'Spacy (in R) - How to save full name of a person

I have a large dataframe with articles from German newspapers. I want to loop through all articles and save the full name (if available) of each person mentioned in the text in a row of the corresponding article. I am using the spacyr-package in R for the NER.

The function spacy_extract_entity() actually does this job and gives me the full names of the person mentioned. Unfortunately it returns to many false-positive entities in PER column. Because of that, I tried to use spacy_parse and filter the person entities for myself.

library("spacyr")
spacy_initialize(model = "de_core_news_lg")

for (i in 1:nrow(data)){
  data[i,]<-data[i,] %>%
    mutate(
      persons =  spacy_parse( data[i,]$text, dependency = FALSE, lemma = FALSE)  %>%
        filter(
          entity == "PER_B" &  pos == "PROPN" | entity == "PER_I" &  pos == "PROPN"
        )  %>%
        pull(token) %>%
        toString(.)
    )
}

The results are much better for my purpose. For the text example below this post I get this output:

Kenji, Mizoguchi, Alain, Resnais, Rainer, Werner, Fassbinder, Alfred, Hitchcock, Werner, Herzog, Aguirre, Claude, Chabrol, Hannelore, Elsner, Steven, Spielberg

Now I want to achieve that the full name of a person isn't comma-separated (Rainer Werner Fassbinder Alfred, Hitchcock etc.).

In theory I should check for each row, if the next row has the same sentence_id and if that is TRUE if the token_id of the next row is one number higher and if this is TRUE and so on till FALSE. Then I would save these tokens as one full name comma seperated from the next name. I have a hard time writing a code chuck who does it and seems also slow to do it like this for a bigger corpus. I am really glad about any idea how to this or an alternative solution.
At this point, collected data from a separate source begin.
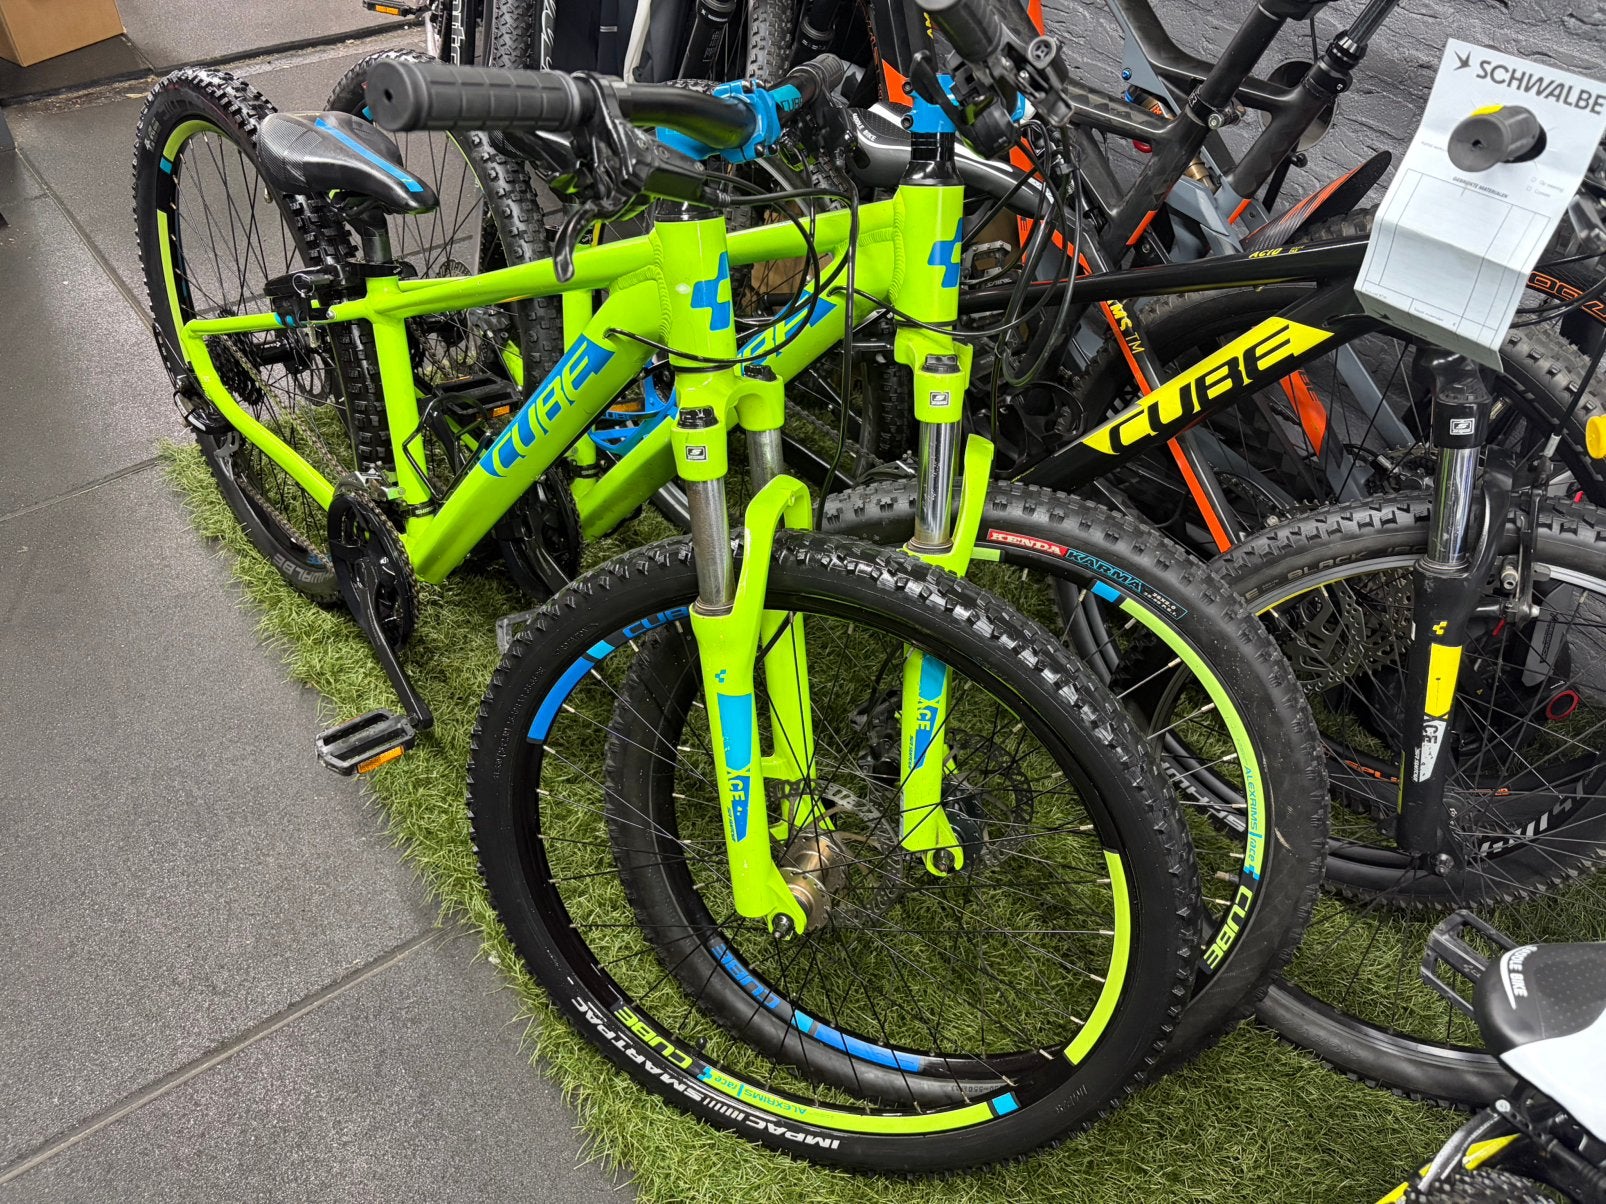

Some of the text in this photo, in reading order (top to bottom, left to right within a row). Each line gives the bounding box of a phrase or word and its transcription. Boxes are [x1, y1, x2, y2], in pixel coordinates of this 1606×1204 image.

[1475, 59, 1606, 115] SCHWALBE
[1249, 247, 1283, 259] ACID
[492, 340, 590, 478] CUBE
[1108, 323, 1291, 454] CUBE
[991, 532, 1143, 592] KENDA KARMA
[1287, 551, 1369, 581] BLACK
[622, 606, 690, 638] CUB
[917, 696, 941, 732] XCE
[726, 764, 751, 801] XCE
[1243, 765, 1259, 831] ALEXRIMS
[1203, 885, 1253, 970] CUBE
[711, 943, 782, 1009] CUBE
[1509, 972, 1529, 998] BIKE
[571, 996, 705, 1103] SMARTPAC
[614, 1005, 694, 1070] CUBE
[713, 1075, 808, 1117] race ALEXRIMS
[744, 1115, 841, 1151] IMPAC
Thanks a lot!

example-scrapy_parse output

structure(list(doc_id = c("text1", "text1", "text1", "text1", 
"text1", "text1", "text1", "text1", "text1", "text1", "text1", 
"text1", "text1", "text1", "text1", "text1", "text1", "text1"
), sentence_id = c(49L, 49L, 49L, 49L, 49L, 49L, 49L, 49L, 49L, 
49L, 49L, 49L, 53L, 53L, 53L, 53L, 55L, 55L), token_id = c(13L, 
14L, 16L, 17L, 19L, 20L, 21L, 23L, 24L, 26L, 27L, 32L, 15L, 16L, 
18L, 19L, 19L, 20L), token = c("Kenji", "Mizoguchi", "Alain", 
"Resnais", "Rainer", "Werner", "Fassbinder", "Alfred", "Hitchcock", 
"Werner", "Herzog", "Aguirre", "Claude", "Chabrol", "Hannelore", 
"Elsner", "Steven", "Spielberg"), pos = c("PROPN", "PROPN", "PROPN", 
"PROPN", "PROPN", "PROPN", "PROPN", "PROPN", "PROPN", "PROPN", 
"PROPN", "PROPN", "PROPN", "PROPN", "PROPN", "PROPN", "PROPN", 
"PROPN"), entity = c("PER_B", "PER_I", "PER_B", "PER_I", "PER_B", 
"PER_I", "PER_I", "PER_B", "PER_I", "PER_B", "PER_I", "PER_B", 
"PER_B", "PER_I", "PER_B", "PER_I", "PER_B", "PER_I")), row.names = c(NA, 
-18L), class = c("spacyr_parsed", "data.frame")) 

example-Text:

Es gibt immer Klassiker von großen Regisseuren, aktuell unter anderem von Kenji Mizoguchi, Alain Resnais, Rainer Werner Fassbinder, Alfred Hitchcock und Werner Herzog - dessen großer "Aguirre" ist beispielsweise noch sieben Tage zu sehen. In ähnlichen Bereichen wie Mubi sind auch lokale deutsche Anbieter aktiv, so wie zum Beispiel Alles Kino oder Filmfriend. Letztere kooperiert mit Bibliotheken in ganz Deutschland, deren Mitglieder die Mediathek mit ihrem Bibliotheksausweis nutzen können. Die Betreiber teilen mit, dass sie bereits eine leicht höhere Nutzung ihres Portals feststellen können, wobei noch nicht ganz klar sei, ob die wirklich auf die Epidemie zurückgehe. Filmfriend hat keine Eigenproduktionen, bietet aber Werkschauen einzelner Filmemacher (derzeit zum Beispiel Claude Chabrol und Hannelore Elsner) und hat eine gute Auswahl an deutschen Kinoklassikern - auch viele Produktionen der DDR-Filmschmiede Defa. Und wenn das immer noch nicht genug Futter ist? Dann startet am 6. April in den USA die Plattform Quibi, auf der Stars und Meister wie Steven Spielberg in handytauglichen Kurzformaten die Zukunft des Entertainment-Häppchens erproben, mit Studio-Unterstützung und Milliardenbudget.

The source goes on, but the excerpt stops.